Ciudad De México, 08 de abril de 2026.- La presidenta Claudia Sheinbaum Pardo informó que emitirá un decreto para crear el servicio universal de salud, con el cual toda persona, derechohabiente o no, podrá acudir a cualquiera de los tres sistemas existentes: IMSS, ISSSTE e IMSS-Bienestar.
“Que si es derechohabiente del IMSS se pueda ir al Issste o al IMSS-Bienestar; que si es derechohabiente del IMSS-Bienestar pueda irse al IMSS o al Issste”, dijo la mandataria.
El servicio sólo funcionará en las 24 entidades del país que se han sumado a la federalización del sistema. A partir del lunes 13 de abril y hasta el 30 de este mes se realizará el registro para la credencialización de estos servicios, comenzando con personas de 85 años y más.
La secretaria Ariadna Montiel detalló que la ubicación de los módulos de registro para tramitar la credencial se puede consultar en la página gob.mx/bienestar, de lunes a sábado, de 9 de la mañana a 5 de la tarde. Se estima que en este primer registro se atienda a 2 millones de mexicanos.

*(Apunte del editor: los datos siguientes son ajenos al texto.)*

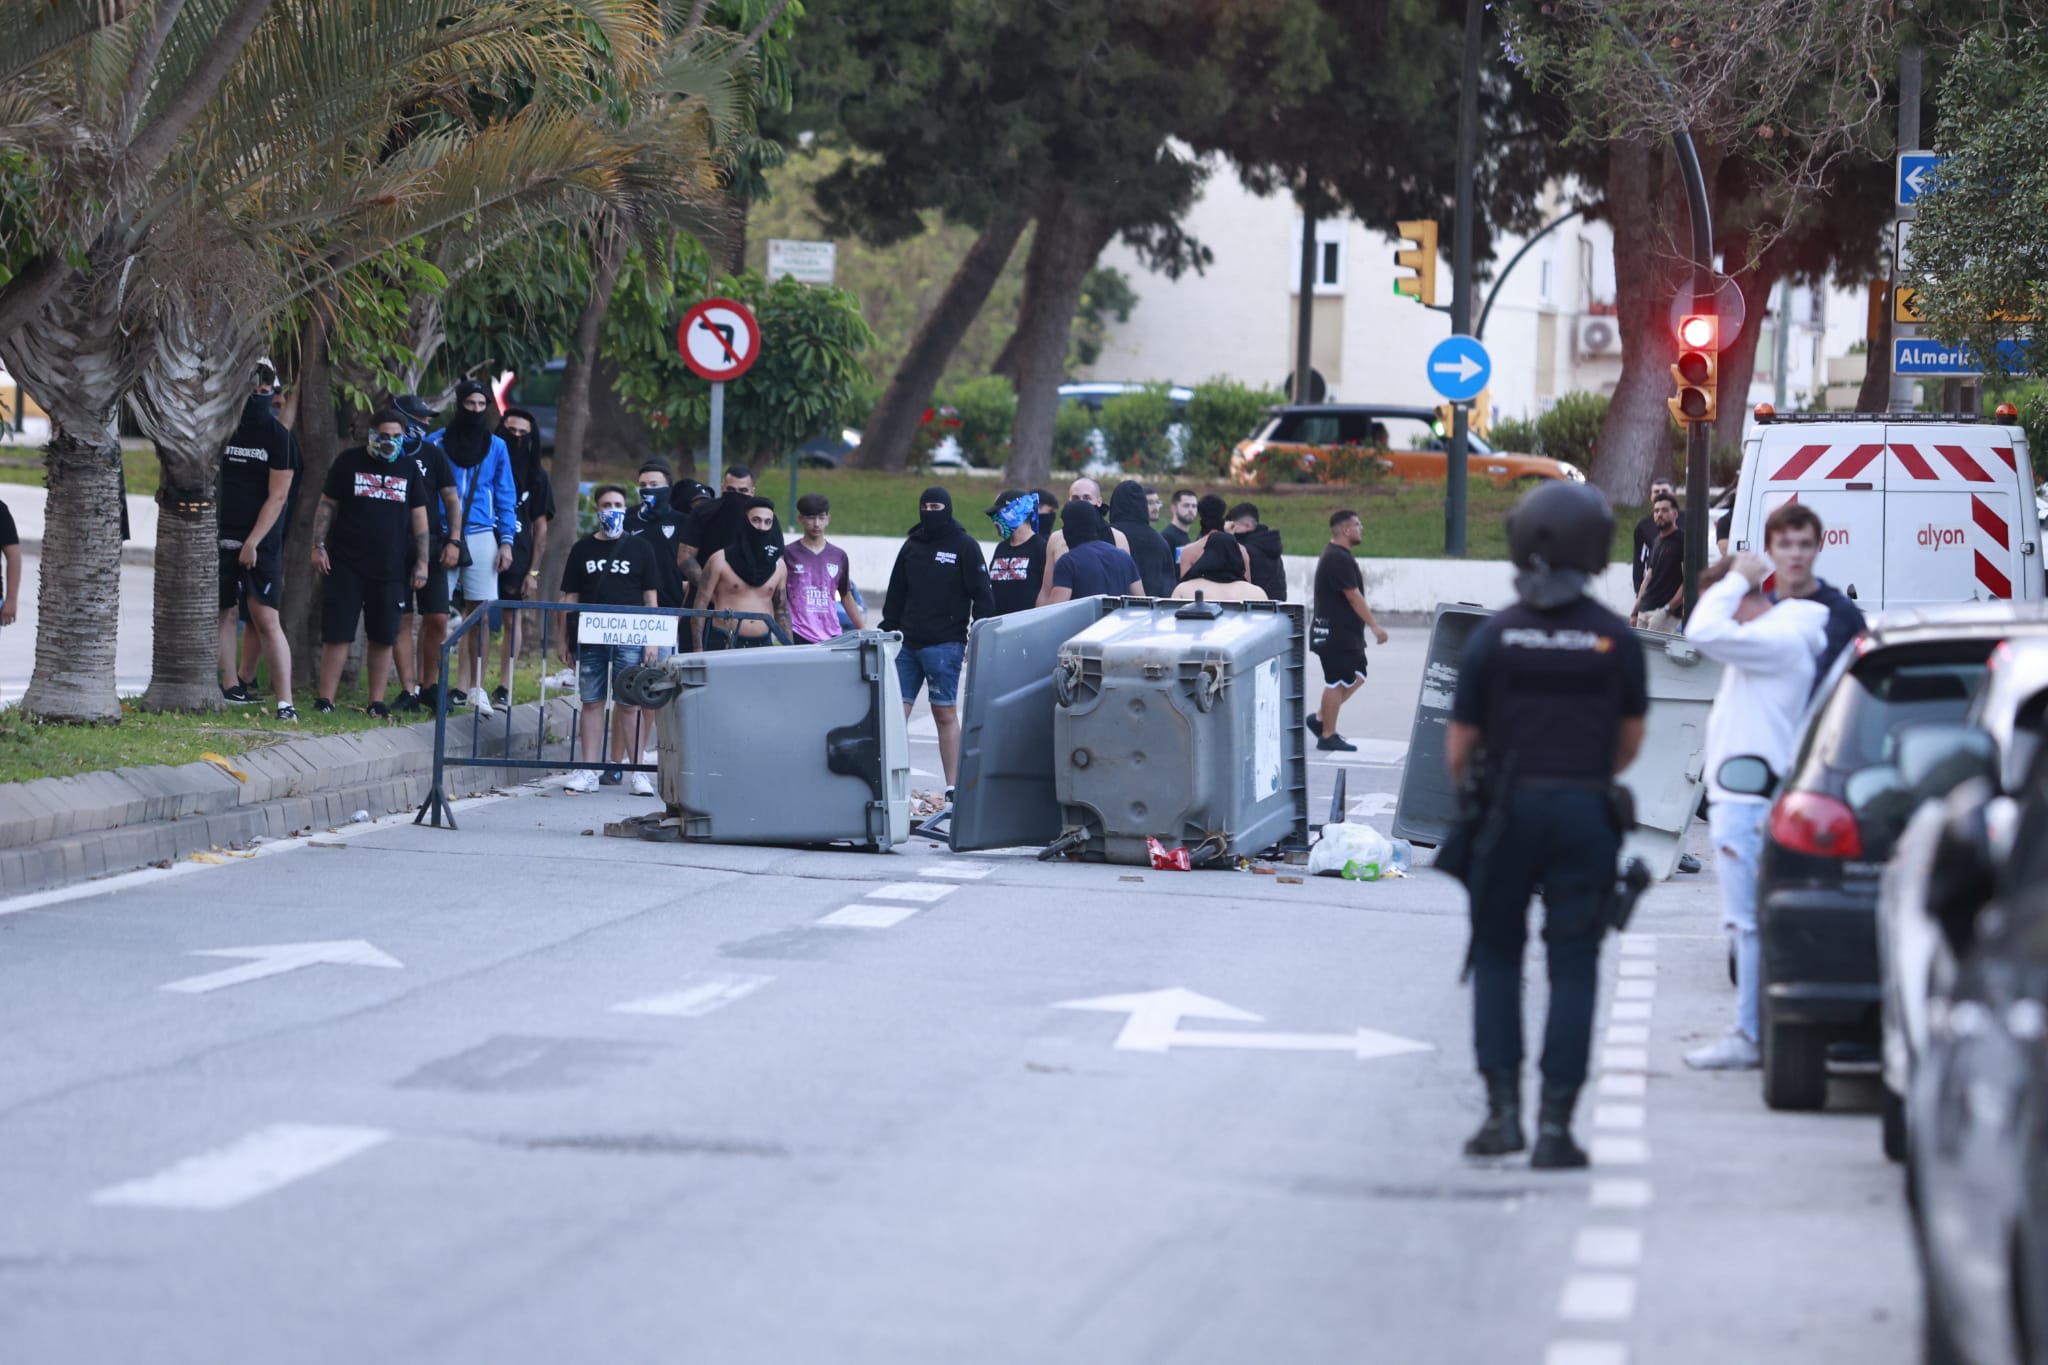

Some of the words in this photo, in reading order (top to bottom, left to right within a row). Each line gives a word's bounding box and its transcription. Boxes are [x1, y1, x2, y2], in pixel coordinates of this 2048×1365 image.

El subsecretario Eduardo Clark informó que el 1° de enero de 2027 comenzará la primera etapa del intercambio de servicios entre las instituciones de salud. Los primeros beneficios se comenzarán a notar en esa fecha.
La primera etapa considera la atención universal en urgencias y continuidad de hospitalización a embarazos de alto riesgo y partos de emergencia, aplicación del Código Infarto con servicios de hemodinamia y del Código Cerebro para eventos cerebrovasculares.
También considera la universalización de atención y diagnóstico para cáncer de mama; continuidad de tratamientos en padecimientos como insuficiencia renal, cáncer y trasplantes; vacunación; consultas de atención primaria para prevención, y padecimientos agudos con prescripción de medicamentos.
El objetivo es que cuando termine su gobierno, cualquier persona, sin importar en qué institución de salud esté registrada, pueda ser atendida en cualquier hospital, recibir medicamentos, estudios y diagnósticos. Para la puesta en marcha de este esquema se contará con bases de datos compartidas, iniciando con la credencialización. La credencial para este sistema se convertirá en una identificación oficial, al nivel de la de elector o el pasaporte, y paulatinamente remplazará a los carnets de las instituciones públicas de salud.